Before you begin, ensure you have the following:

A Grafana Cloud account (Stack, Pro, or Advanced plan that includes Grafana Assistant).
At least one configured data source in your Grafana Cloud stack: Prometheus, Loki, or Tempo (Assistant works best with all three).
Admin or Editor permissions in your Grafana organization to enable and manage Assistant.
Basic familiarity with Grafana dashboards and data source configuration is helpful but not required.

Step-by-Step Instructions

1. Enable Grafana Assistant

Navigate to your Grafana Cloud stack’s main interface. In the left-hand navigation menu, click Assist (or Assistant if that’s the label in your version). If this is your first time, you’ll see a welcome screen with a “Enable Assistant” button. Click it. No further configuration is needed—Assistant begins working in the background immediately.

2. Connect Your Data Sources

Assistant automatically discovers and scans all connected Prometheus, Loki, and Tempo data sources in your Grafana Cloud stack. To maximize its knowledge base:

Go to Configuration > Data Sources and ensure all relevant Prometheus, Loki, and Tempo instances are added and “Default” is not interfering.
If you use multiple Prometheus sources (e.g., one for metrics, one for alerts), keep them connected—Assistant scans them all in parallel.
For Loki data, enable structured log parsing if your logs are in JSON format (e.g., by using a json stage in your pipeline).

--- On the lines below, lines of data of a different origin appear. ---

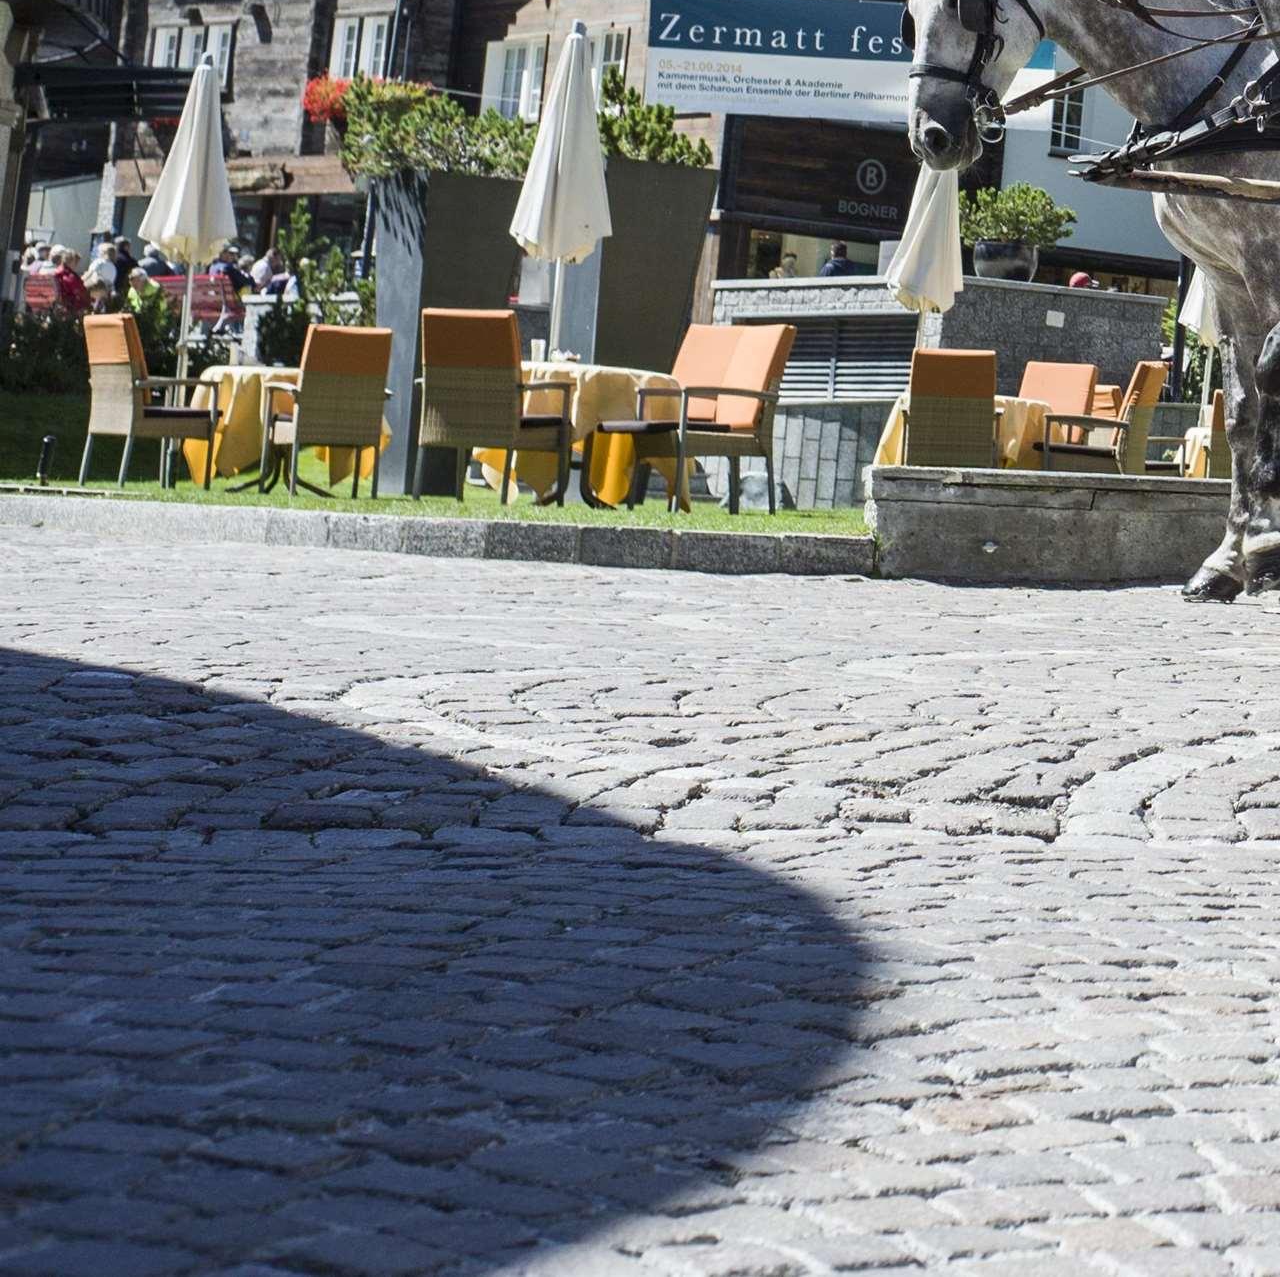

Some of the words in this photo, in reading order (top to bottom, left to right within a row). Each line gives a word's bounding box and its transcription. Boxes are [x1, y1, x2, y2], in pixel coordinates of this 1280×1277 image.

[658, 13, 825, 51] Zermatt
[850, 26, 903, 54] fes
[658, 70, 730, 84] Kammermusik,
[733, 75, 784, 87] Orchester
[795, 79, 843, 89] Akademie
[657, 81, 673, 91] mit
[675, 82, 696, 92] dem
[699, 83, 744, 95] Scharoun
[746, 85, 793, 97] Ensemble
[795, 87, 810, 97] der
[813, 89, 851, 100] Berliner
[838, 199, 898, 219] BOGNER

3. Let the Background Scan Run

Once data sources are connected, Assistant’s swarm of AI agents initiates a scanning process:

Data source discovery: Identifies all configured Prometheus, Loki, and Tempo sources.
Metrics scans: Queries each Prometheus source to find services, deployments, and infrastructure components. This may take a few minutes depending on your data volume.
Enrichments via logs and traces: Correlates Loki log streams and Tempo trace structures with corresponding metrics, mapping log formats, trace IDs, and service dependencies.
Structured knowledge generation: For each discovered service or service group, Assistant produces a mini documentation covering: what the service does, its key metrics and labels, how it’s deployed (e.g., Kubernetes, EC2), its upstream/downstream dependencies, and its log/trace sources.

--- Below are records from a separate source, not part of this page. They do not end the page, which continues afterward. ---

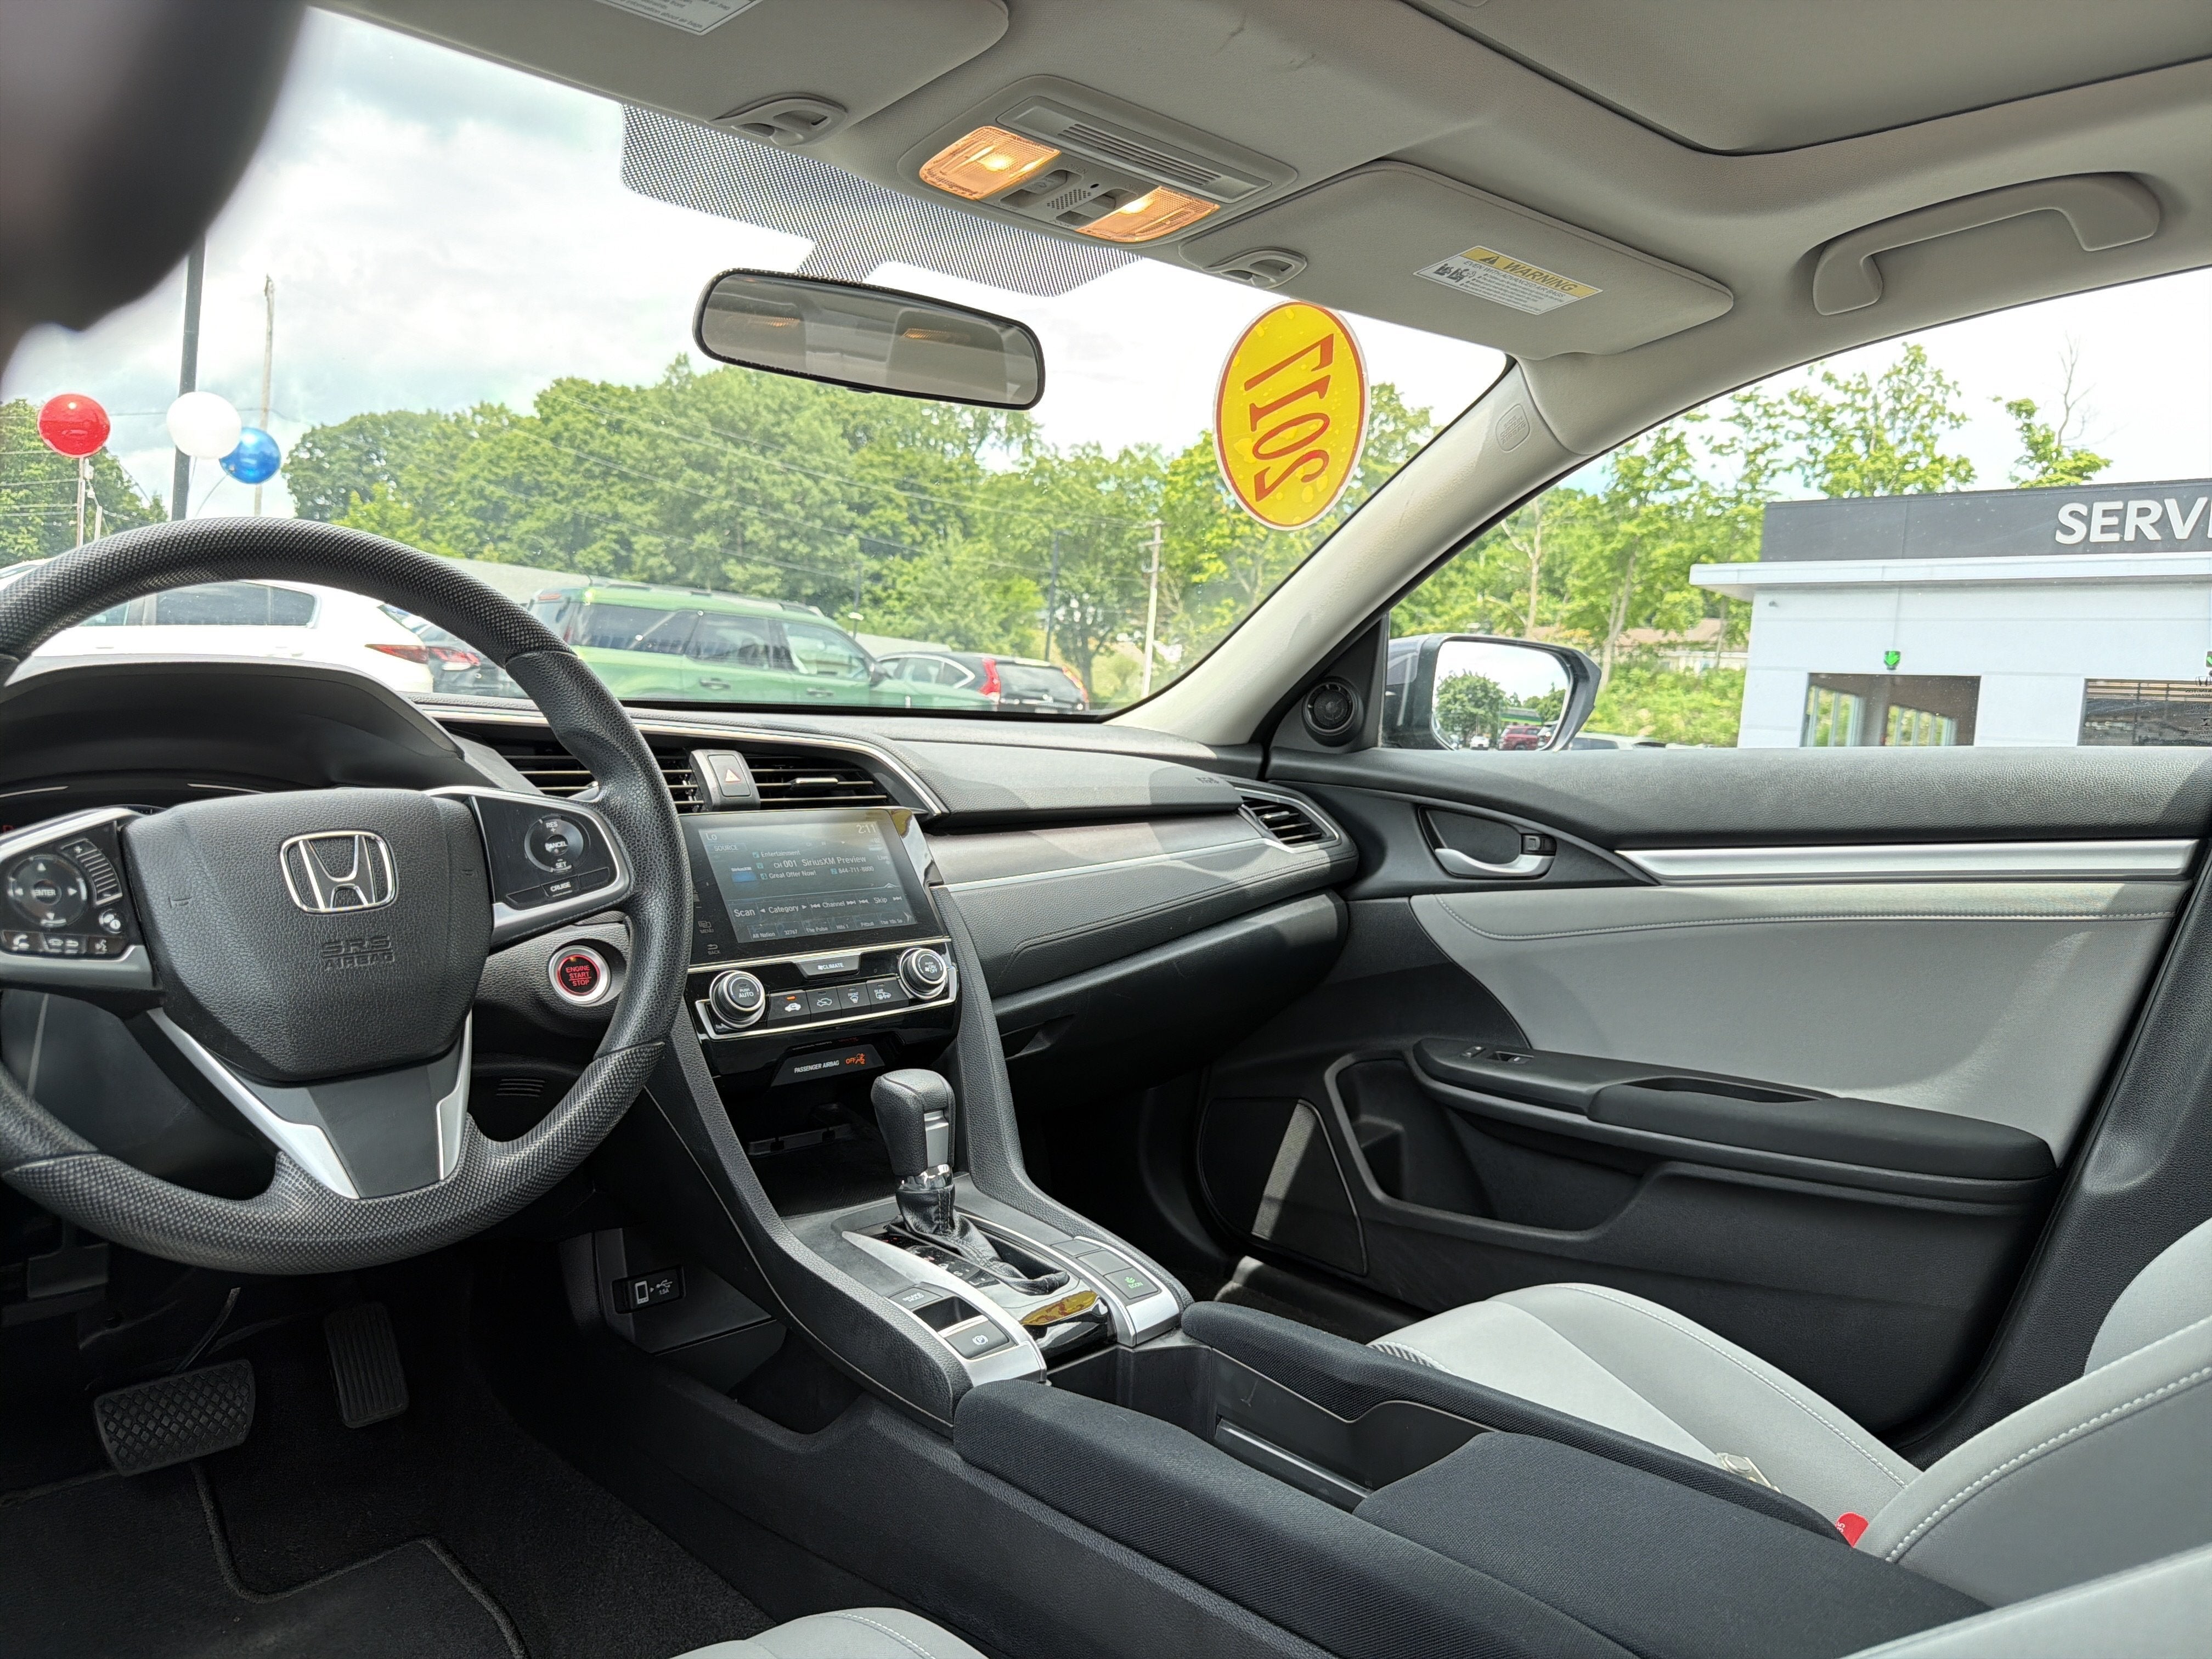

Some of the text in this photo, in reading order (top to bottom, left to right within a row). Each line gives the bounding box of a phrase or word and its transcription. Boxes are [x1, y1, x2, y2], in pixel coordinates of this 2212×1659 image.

[660, 12, 680, 20] about
[1464, 261, 1483, 270] EVEN
[1483, 267, 1503, 276] WITH
[1500, 274, 1537, 288] ADVANCED
[1503, 262, 1578, 292] WARNING
[2055, 495, 2212, 545] SERV
[546, 821, 558, 829] RES
[706, 824, 877, 842] Lo 2:11
[545, 840, 568, 849] CANCEL
[555, 861, 567, 870] SET
[783, 860, 798, 868] 001
[801, 857, 836, 867] SiriusXM
[837, 855, 867, 864] Preview
[550, 881, 572, 893] CRUISE
[733, 909, 755, 917] Scan
[768, 905, 799, 914] Category
[873, 896, 888, 905] Skip
[822, 961, 845, 969] CLIMATE
[572, 979, 590, 987] STOP
[738, 990, 755, 998] AUTO
[794, 1063, 822, 1074] PASSENGER
[822, 1060, 840, 1069] AIRBAG

You don’t need to trigger anything—the scan runs automatically in the background. You can check progress by revisiting the Assistant page; a status indicator shows “Building knowledge base…” while scanning is active.

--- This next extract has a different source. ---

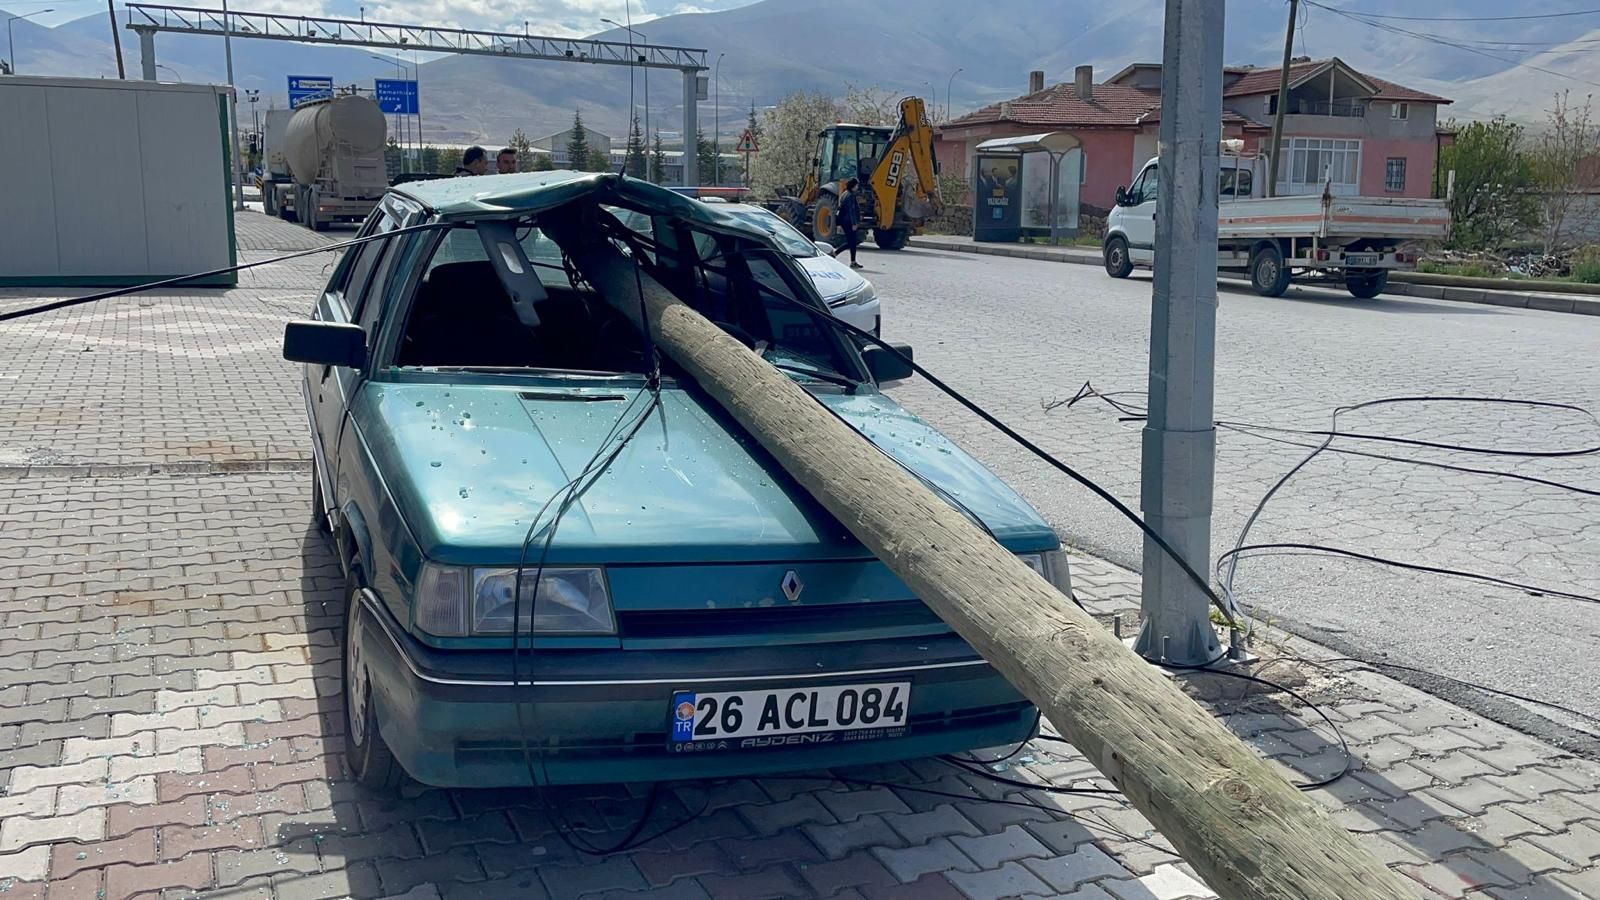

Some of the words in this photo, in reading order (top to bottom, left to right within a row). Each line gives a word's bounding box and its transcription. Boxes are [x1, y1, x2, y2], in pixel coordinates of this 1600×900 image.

4. Ask Your First Question

Once the scan completes (typically within 5–15 minutes for a medium-sized stack), you can start asking questions. For example:

“Why is my checkout service slow?”
“Show me latency metrics for the payment service.”
“What are the downstream dependencies of the checkout service?”

Assistant uses its pre-loaded knowledge base to instantly understand:

That “checkout service” lives in a specific Prometheus data source.
Its latency metric is checkout_request_duration_seconds.
Its logs are stored as structured JSON in a Loki stream.
It depends on three downstream services (payment, inventory, shipping).

You do not need to share any context—Assistant already has the map. If you need to probe deeper, you can ask follow-up questions like “Show the trace of the last slow checkout request,” and Assistant will correlate logs and traces automatically.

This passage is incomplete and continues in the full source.